Are You A Morning Person? Turns Out It's Because Of Your Genes

Would you describe yourself as a morning person? Or are you more a chronic night owl, functionally at your best after the sun goes down? Turns out it might be about more than just your habits: a new study published in Nature reveals that "morning people" actually have certain unique genetic traits. Fifteen of them, to be precise. So if you're a night owl who has been skeptical of the idea of "morning people" and whether they actually exist (or if they're just a myth invented by health magazines), it turns out that not only are they real, but that that tendency towards early rising is encoded in the building blocks of their beings. And that has some interesting implications for whether night owls can ever truly convert to a more morning-oriented schedule, or whether some people just have a genetic advantage.

People use the terms "circadian rhythms" and "body clocks" or "biological clocks" interchangeably, but they're not actually the same thing. Our biological clock in our nervous system drives our circadian rhythms, which determine when we feel awake and when we feel sleepy. They're also liable to be affected by external stuff, though: it's well-known that things like exercise and light can interfere with rhythms, particularly when it comes to the production of melatonin, which plays a huge role in determining our sleep cycle. So what does being a "genetic morning person" actually mean for this complicated process, and does waking up at 6 a.m. naturally without grumbling give you any advantages? (Besides bragging rights, of course.)

What Your DNA May Say About Your Circadian Rhythms

We've known about the impact of genetics on circadian rhythms for a while. A 2015 study from the University of Leicester looked at the genes of fruit flies, and saw a huge difference between the genetics of the ones more active in the morning compared to those who came to life in the evening. Genes aren't just inert frames, though; they do something called gene expression, which influences huge swathes of human functioning.
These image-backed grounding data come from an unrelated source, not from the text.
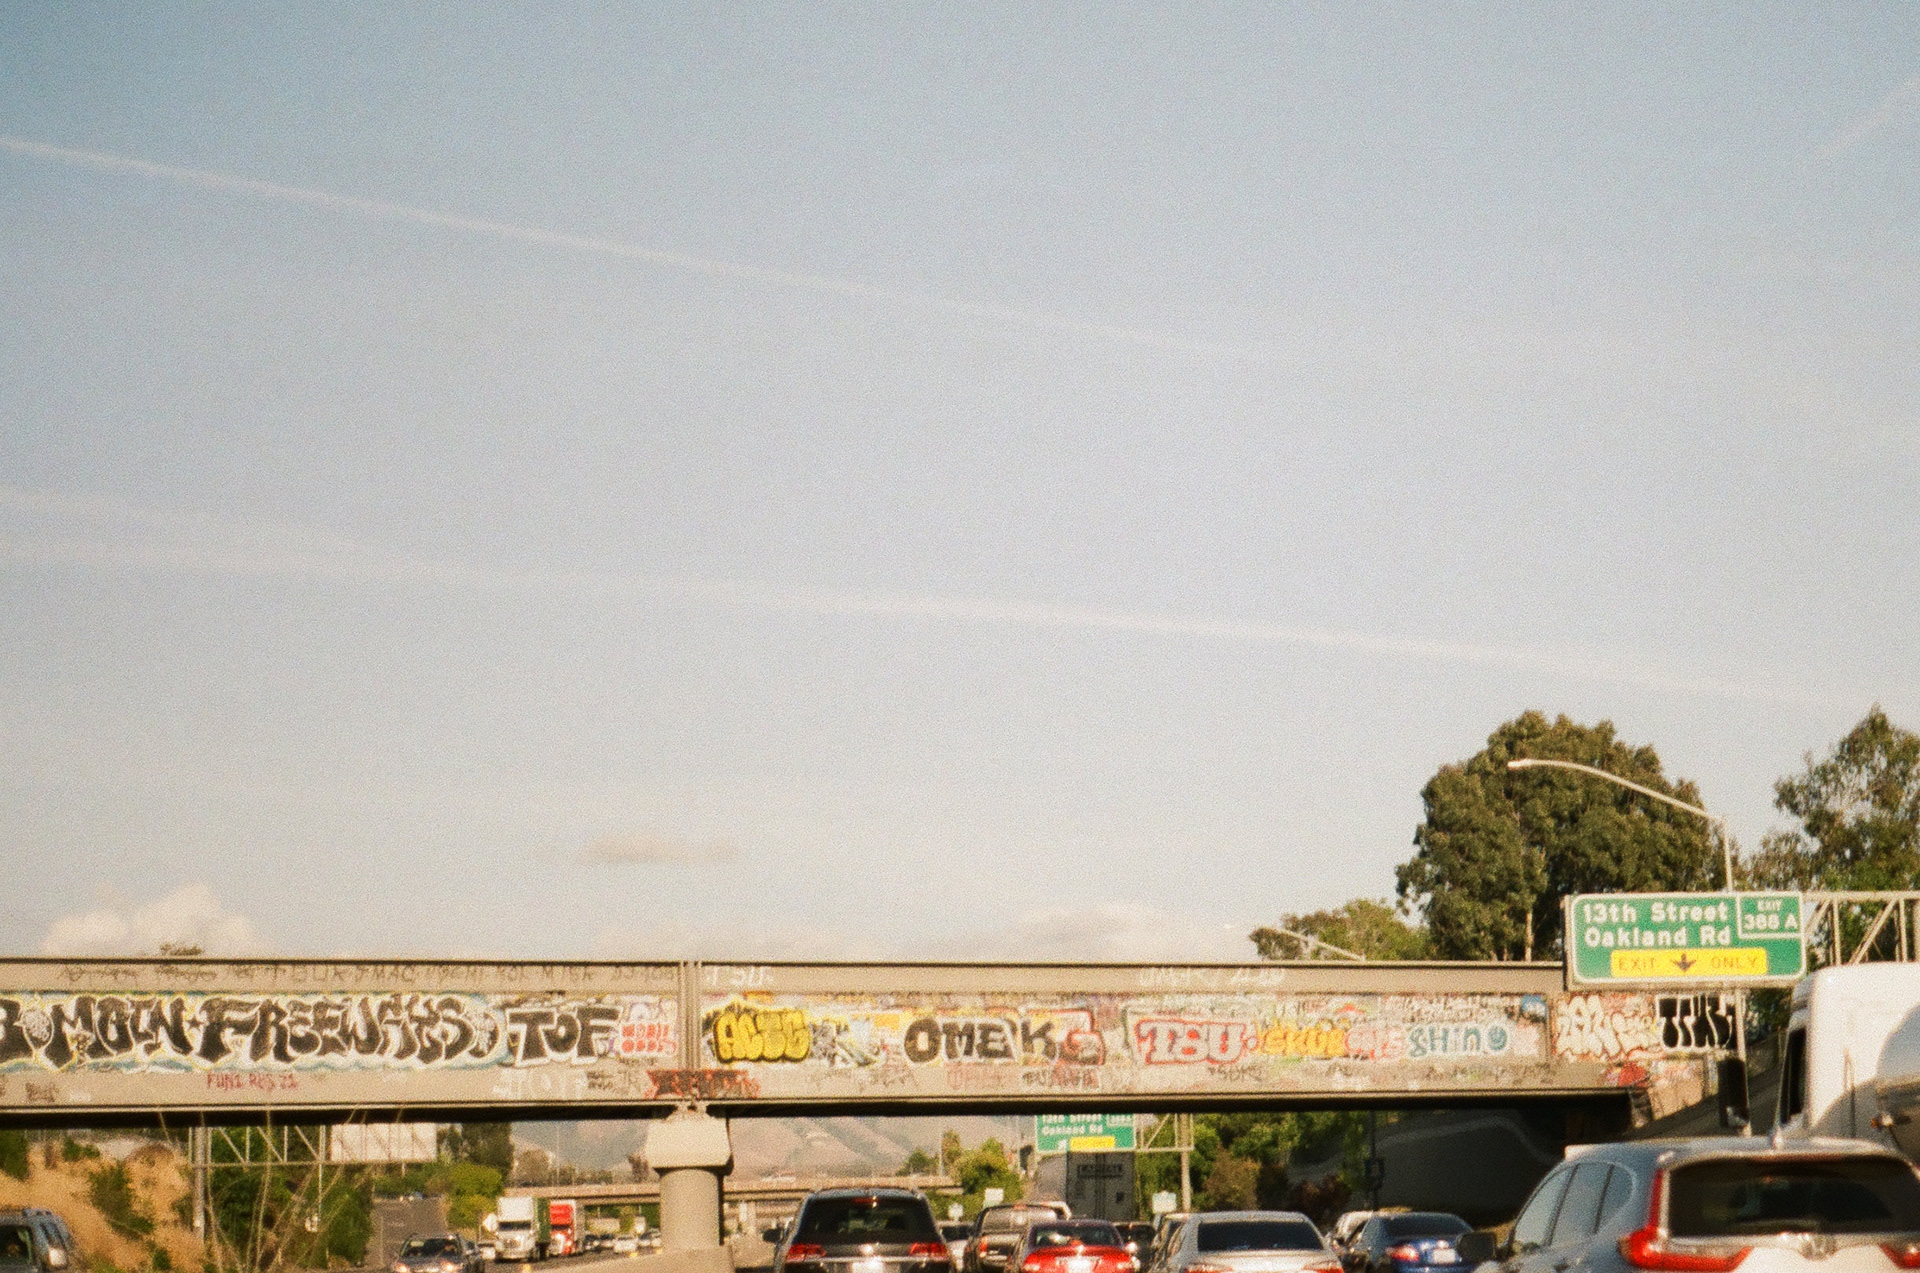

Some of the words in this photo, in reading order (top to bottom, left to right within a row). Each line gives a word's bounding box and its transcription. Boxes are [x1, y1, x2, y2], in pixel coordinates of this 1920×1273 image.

[1583, 903, 1637, 923] 13th
[1651, 901, 1729, 923] Street
[1744, 913, 1780, 930] 388
[1784, 912, 1799, 929] A
[1584, 926, 1688, 948] Oakland
[1700, 924, 1732, 946] Rd
[1618, 956, 1656, 972] EXIT
[1711, 954, 1757, 970] ONLY
And the Leicester scientists found that, weirdly, the genes that seemed to mark out the difference between night and morning flies often didn't seem to relate closely to circadian rhythms at all; they were concerned with other things. So there's more to our body clocks that just our rhythms.

But that's fruit flies. What about humans? Well, this new study certainly surveyed enough of them: nearly 89,000, in fact. It's one of the first studies to actually look at the human genome and see how it lines up with "morning people" and "night owls", and the results were pretty startling.
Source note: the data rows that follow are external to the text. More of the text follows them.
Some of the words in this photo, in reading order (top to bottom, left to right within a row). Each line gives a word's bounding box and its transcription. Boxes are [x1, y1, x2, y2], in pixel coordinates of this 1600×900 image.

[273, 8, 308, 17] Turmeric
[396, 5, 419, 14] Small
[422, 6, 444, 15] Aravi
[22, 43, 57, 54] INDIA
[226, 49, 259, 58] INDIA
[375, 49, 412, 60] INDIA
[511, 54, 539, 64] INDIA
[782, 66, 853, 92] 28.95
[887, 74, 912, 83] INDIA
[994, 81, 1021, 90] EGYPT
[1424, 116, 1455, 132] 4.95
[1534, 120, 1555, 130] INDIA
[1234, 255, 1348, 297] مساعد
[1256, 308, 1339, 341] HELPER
Interestingly, the scientists utilized the gene sequencing business 23andme, which produces genetic profiles (and figures out what your genes say about your health and ancestry) for a flat fee. Tens of thousands of 23andme users were asked if they identified as "morning people", and then their genetic sequences were examined. (Interestingly, only 39.7 percent of men said they did, compared to 48.4 percent of women. Seems it may be a more female trait.) And it turns out that fifteen separate genetic indicators, only seven of which are thought of as "circadian genes," may indicate a morning person.

The ones that aren't circadian pose a bit of a puzzle. Even the scientists said that the relationship these specific genes have to being a morning person is "less clear". One is associated with restless leg syndrome, and another has a relationship with cardiac rhythms. But even the more definitively sleep-regulating ones are complicated: they relate to things as diverse as night blindness, dopamine regulation and the workings of the visual systems in our brains. Basically, the genetic blend that makes up a morning person is a pretty complicated recipe.

The Body Of The Morning Person

While the scientists were checking out the gene sequences, they looked at a few other traits too. Turns out that being a "morning person" in their 89,000-strong cohort was associated with a lower risk of depression; self-described early birds were also less likely to be either underweight or obese. It points to an interesting truth: your genetic predisposition to being a "morning person" may be seriously influencing your behavior, mood and life in general.

We already knew that the bodies of night owls and morning people are often very different. A 2013 study found that the structures of night owls' brains tend to have less white matter (which is the insulation the brain uses to transmit nerve signals) than morning people. But it's not clear whether that was cause or effect. Did the white matter not grow in the first place because the person was genetically night-owlish? Or was the growth somehow slowed by years of late nights? We may now be getting closer to an answer.

The problem with this genetic discovery? It might mean that changing your circadian rhythms is a harder proposition than we had thought. We're not yet at the point where people can get their genetics fiddled with to make mornings easier, but that may be the next big step. Got a big promotion coming up? Have your genome altered to let you work nights with ease! OK, I'm fantasizing. But for the time being, non-morning people can use this information as an excuse for their repeated hitting of the snooze button; they're just not genetically built for 6 a.m.